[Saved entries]
________

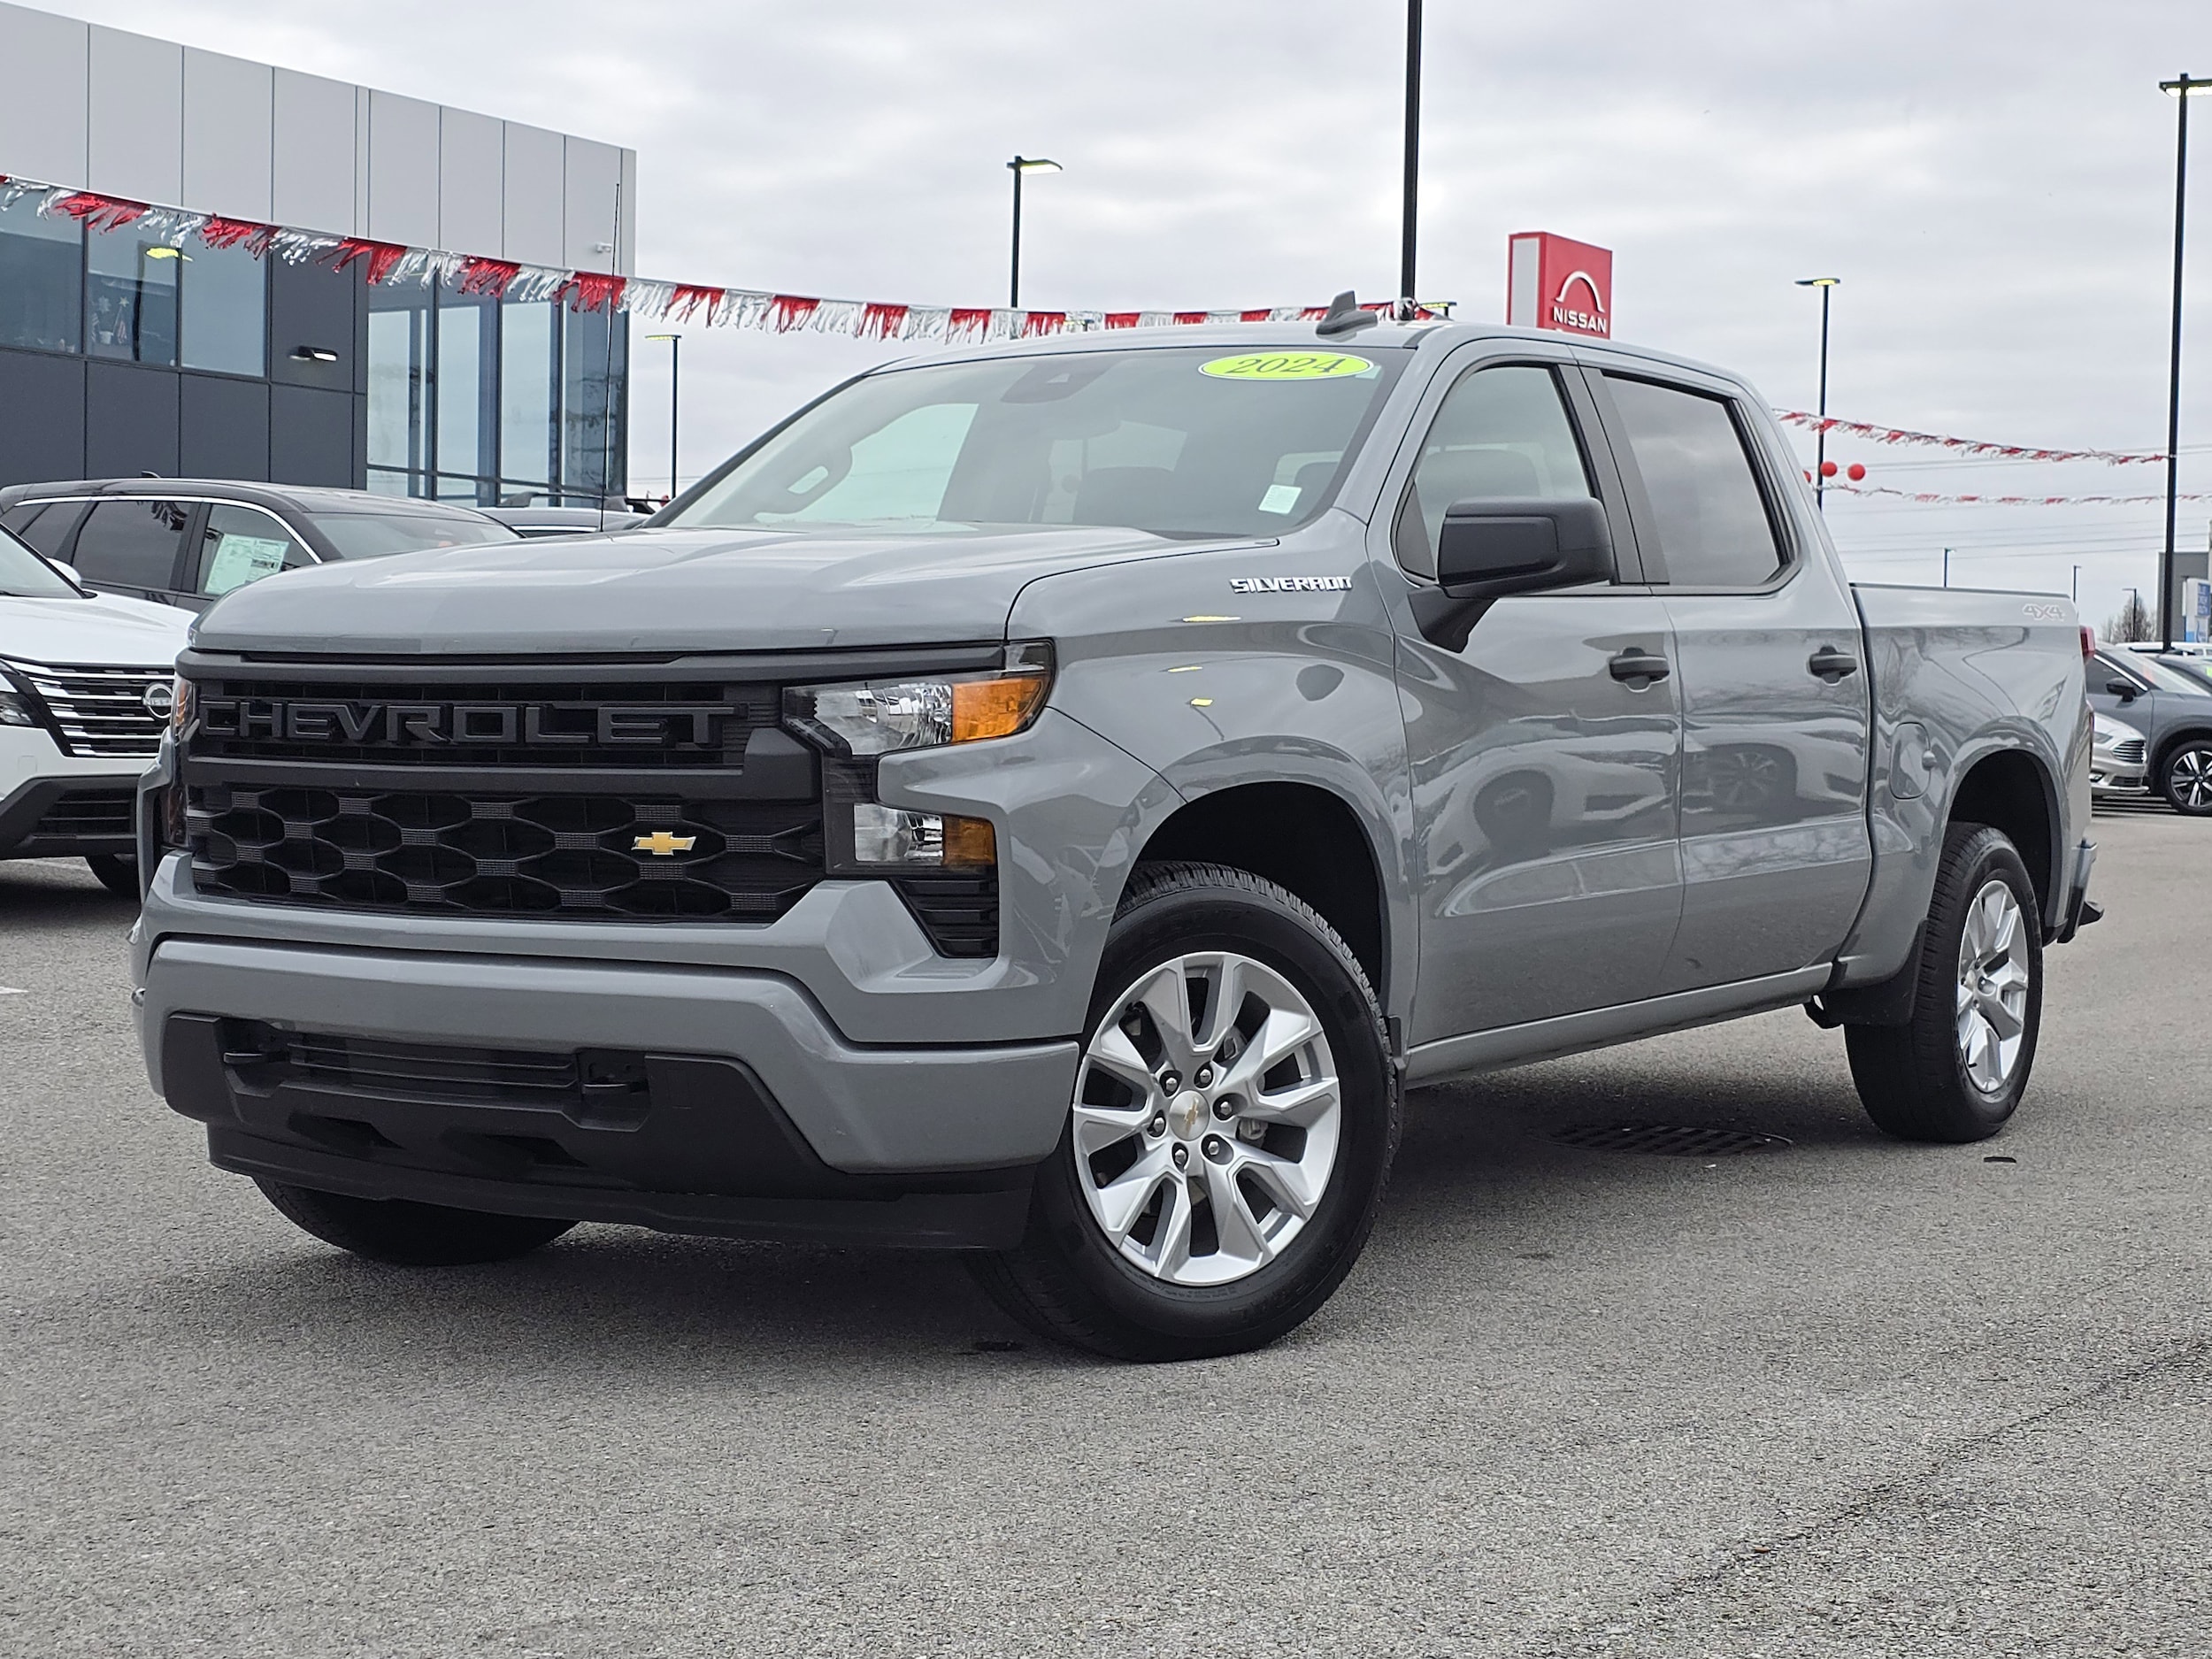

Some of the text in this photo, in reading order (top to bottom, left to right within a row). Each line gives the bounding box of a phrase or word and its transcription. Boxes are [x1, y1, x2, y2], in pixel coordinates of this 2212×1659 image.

[1552, 305, 1607, 334] NISSAN
[1225, 357, 1346, 373] 2024
[1229, 576, 1353, 593] SILVERADO
[199, 700, 735, 746] CHEVROLET
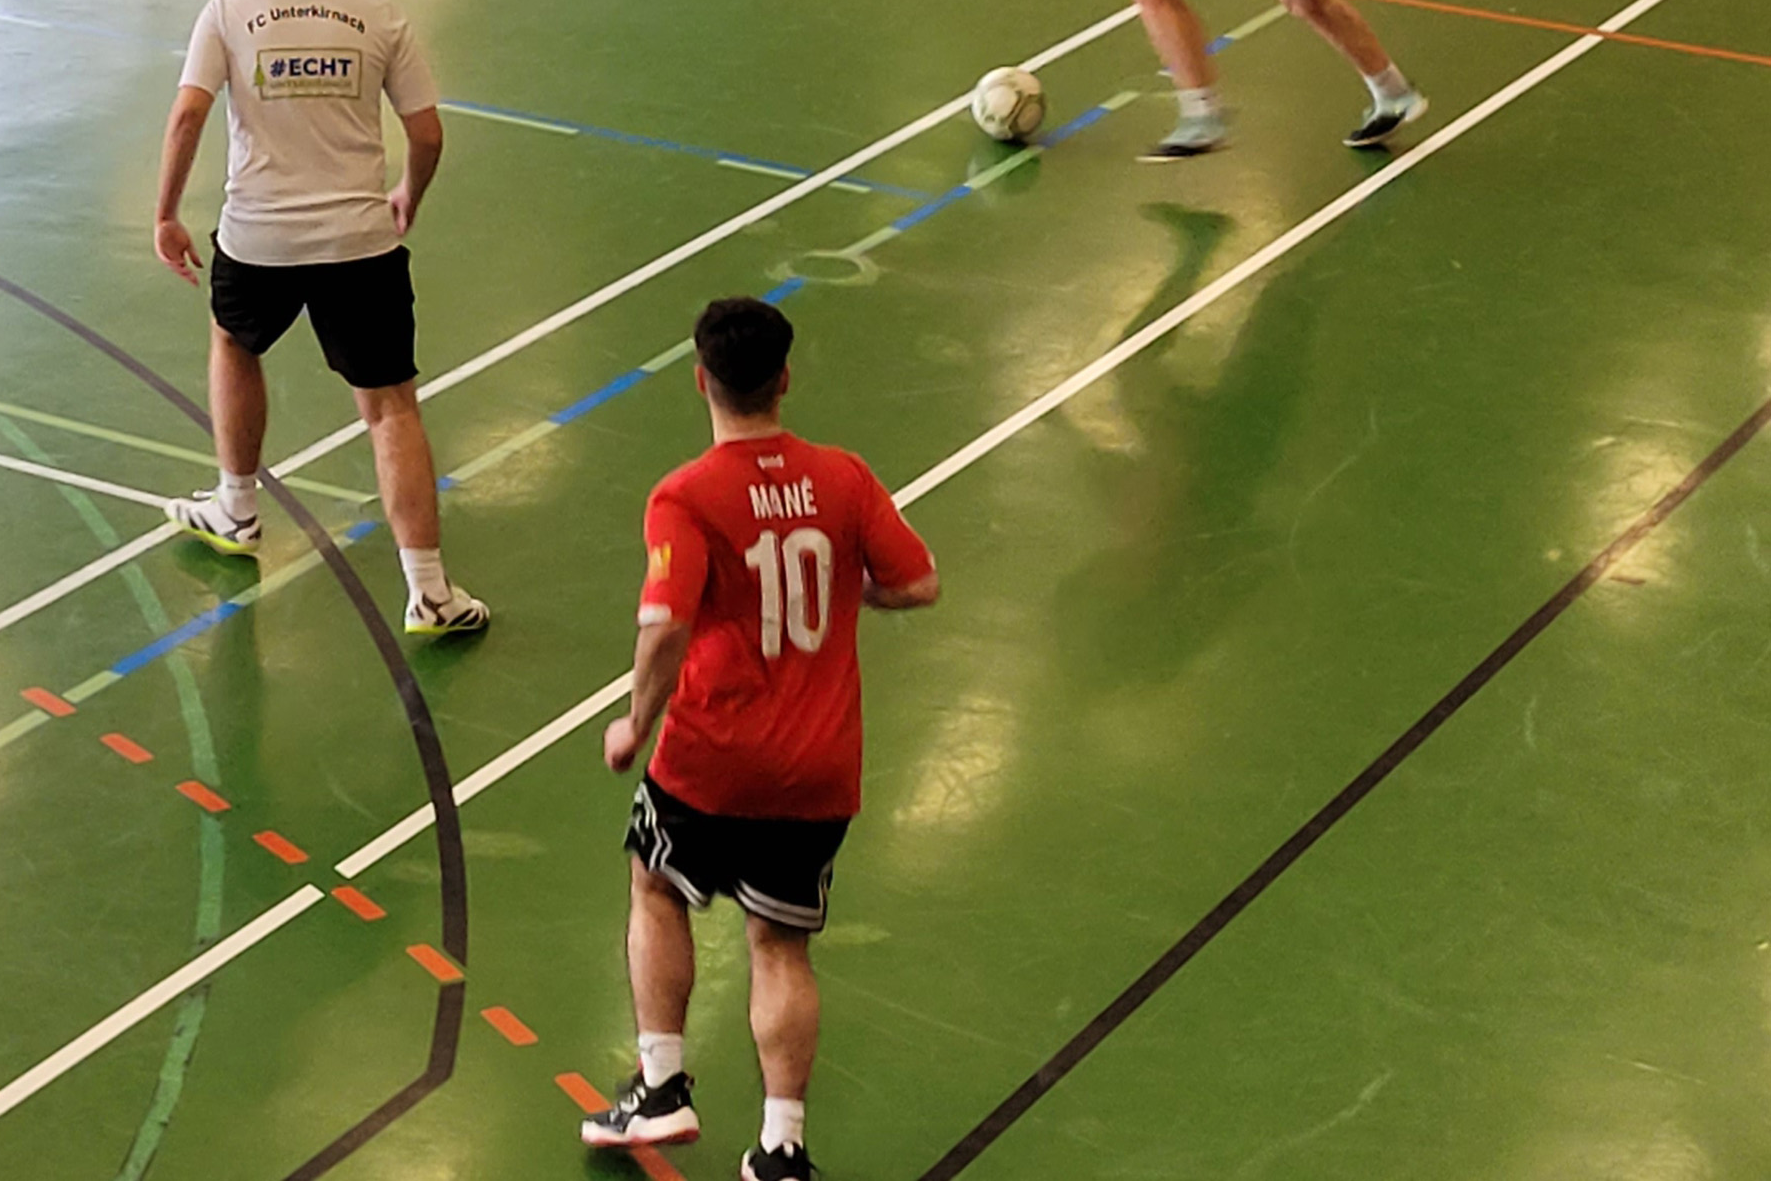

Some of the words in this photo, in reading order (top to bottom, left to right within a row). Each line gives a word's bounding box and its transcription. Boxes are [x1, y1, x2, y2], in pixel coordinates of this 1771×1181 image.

[247, 14, 267, 34] FC
[270, 5, 366, 34] Unterkirnach
[270, 58, 353, 77] #ECHT
[748, 475, 818, 519] MANÉ
[745, 528, 832, 658] 10
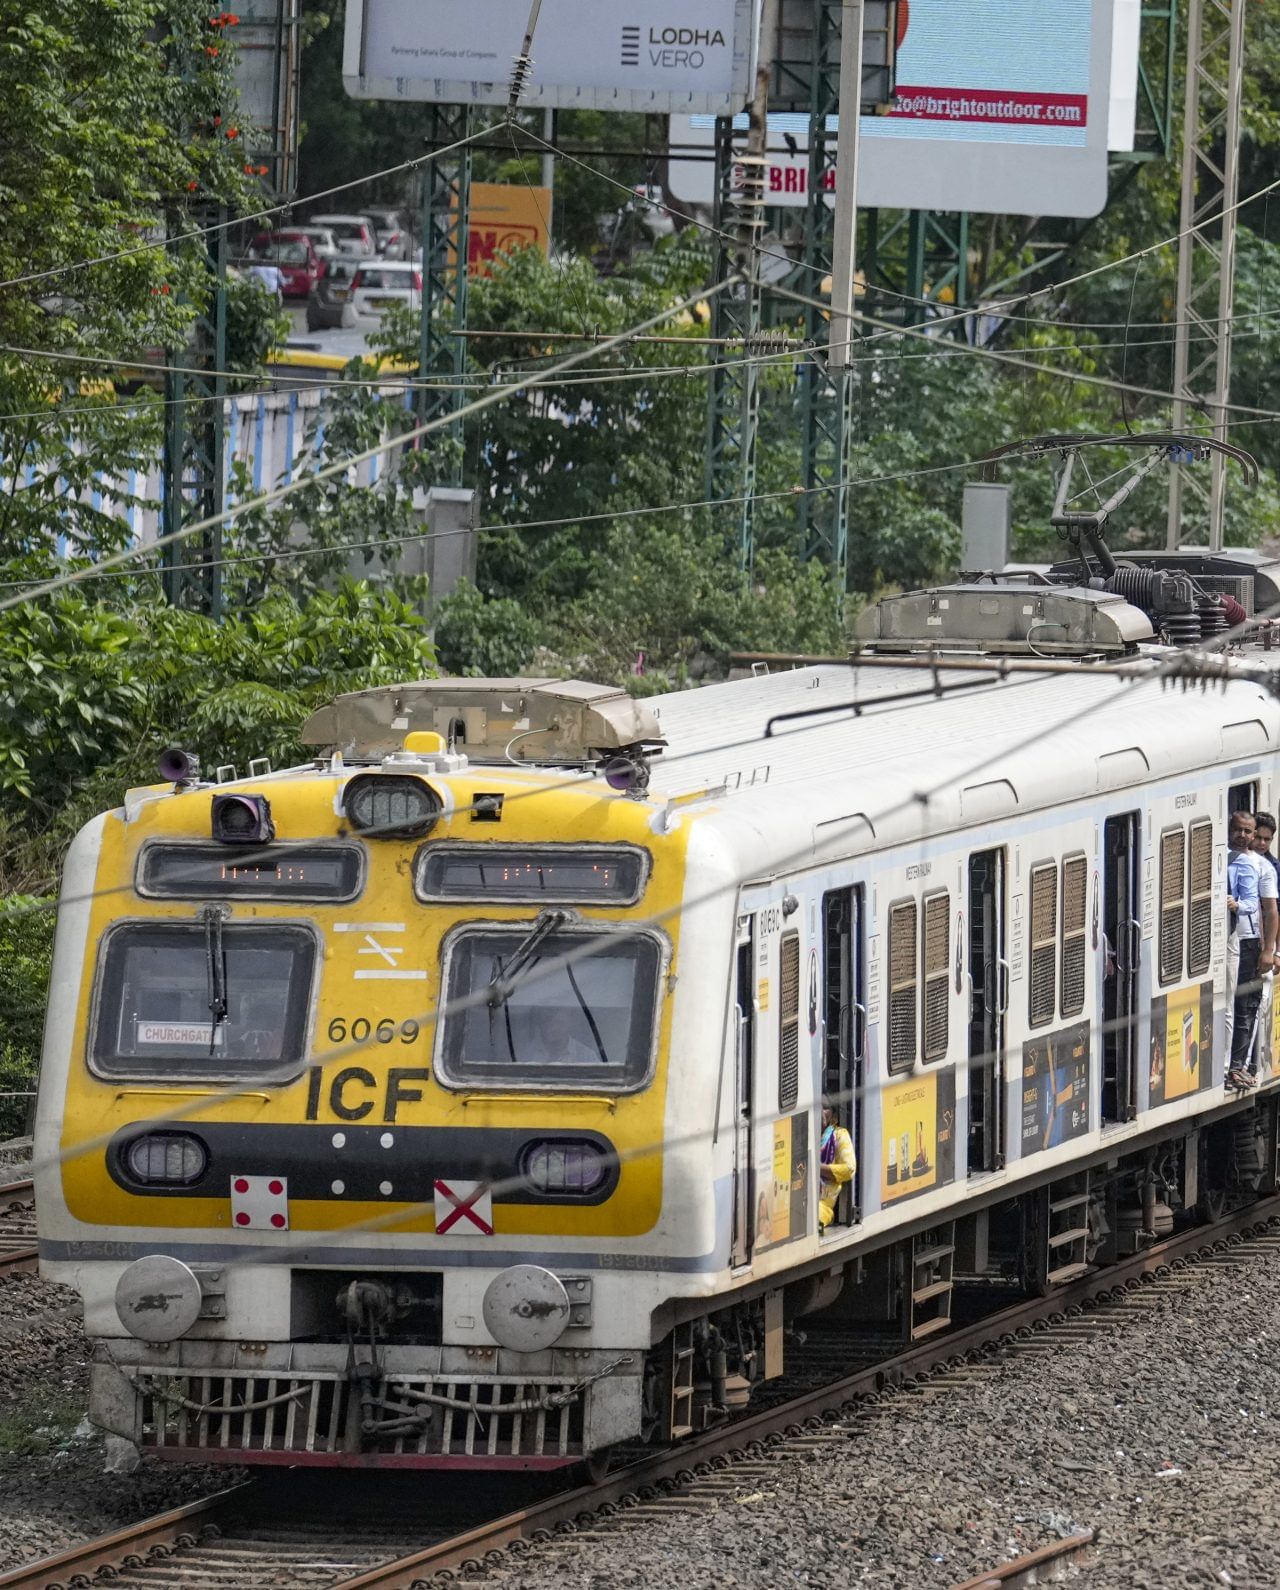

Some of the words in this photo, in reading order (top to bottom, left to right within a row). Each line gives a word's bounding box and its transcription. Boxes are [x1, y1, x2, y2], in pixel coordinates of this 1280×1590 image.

[649, 27, 725, 47] LODHA
[650, 50, 705, 69] VERO
[328, 1017, 420, 1044] 6069
[306, 1066, 429, 1122] ICF

________

> _Brief_:
The result should be all the records, retyped exactly, with no pictures among them.

> _Reply_:
Some of the text in this photo, in reading order (top to bottom, left to right within a row). Each line gives the bounding box of a phrase or word and its transcription. Boxes are [x1, y1, x2, y2], in pixel coordinates of this 2212×1659 image.

[1552, 305, 1607, 334] NISSAN
[1225, 357, 1346, 373] 2024
[1229, 576, 1353, 593] SILVERADO
[199, 700, 735, 746] CHEVROLET

Some of the words in this photo, in reading order (top to bottom, left to right within a row). Each line gives a word's bounding box and its transcription. Boxes are [x1, y1, x2, y2], in pixel coordinates of this 1771×1181 image.

[247, 14, 267, 34] FC
[270, 5, 366, 34] Unterkirnach
[270, 58, 353, 77] #ECHT
[748, 475, 818, 519] MANÉ
[745, 528, 832, 658] 10

Some of the words in this photo, in reading order (top to bottom, left to right within a row). Each line gives a word's bounding box and its transcription. Boxes are [x1, y1, x2, y2], in pixel coordinates of this 1280×1590 image.

[649, 27, 725, 47] LODHA
[650, 50, 705, 69] VERO
[328, 1017, 420, 1044] 6069
[306, 1066, 429, 1122] ICF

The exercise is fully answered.